We develop an analytical model to derive the competitive market equilibrium for electricity spot and reserve markets under uncertain demand and renewable electricity generation. The first-best market equilibrium of the model resembles the result of a centralized co-optimization of the markets involved. We then derive the welfare-optimal provision of reserves. At first-best, cost of reserve capacity is balanced against expected cost of outages. Comparative statics and a numerical application based on German secondary reserve provision imply an increase of reserve provision with a growing share of renewable generation.

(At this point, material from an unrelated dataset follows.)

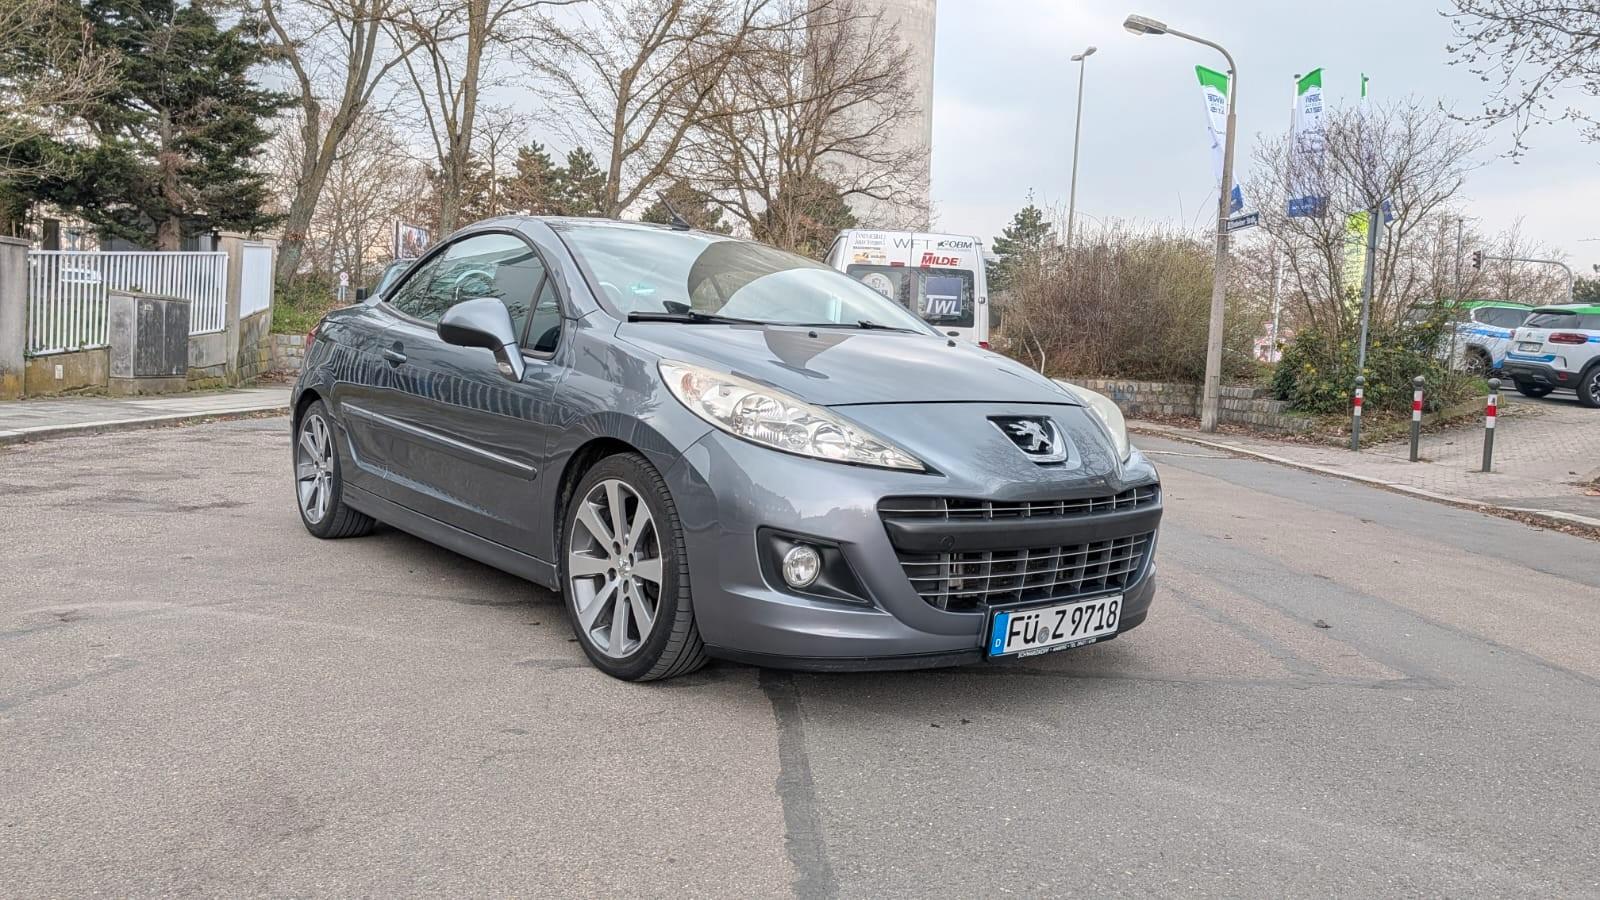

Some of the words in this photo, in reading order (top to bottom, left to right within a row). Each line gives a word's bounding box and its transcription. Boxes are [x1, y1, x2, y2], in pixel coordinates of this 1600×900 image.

Furthermore, a growing share of renewable generation decreases the level of reliability as measured in energy not served since required reserves to balance higher expected deviations will be more expensive, resulting in a trade-off between higher reserve costs and costs of energy not served.

Suggested Citation

  • Fridrik Mar Baldursson & Julia Bellenbaum & Lenja Niesen & Christoph Weber, 2022. "Welfare optimal reliability and reserve provision in electricity markets with increasing shares of renewable energy sources," Journal of Regulatory Economics, Springer, vol. 62(1), pages 47-79, December.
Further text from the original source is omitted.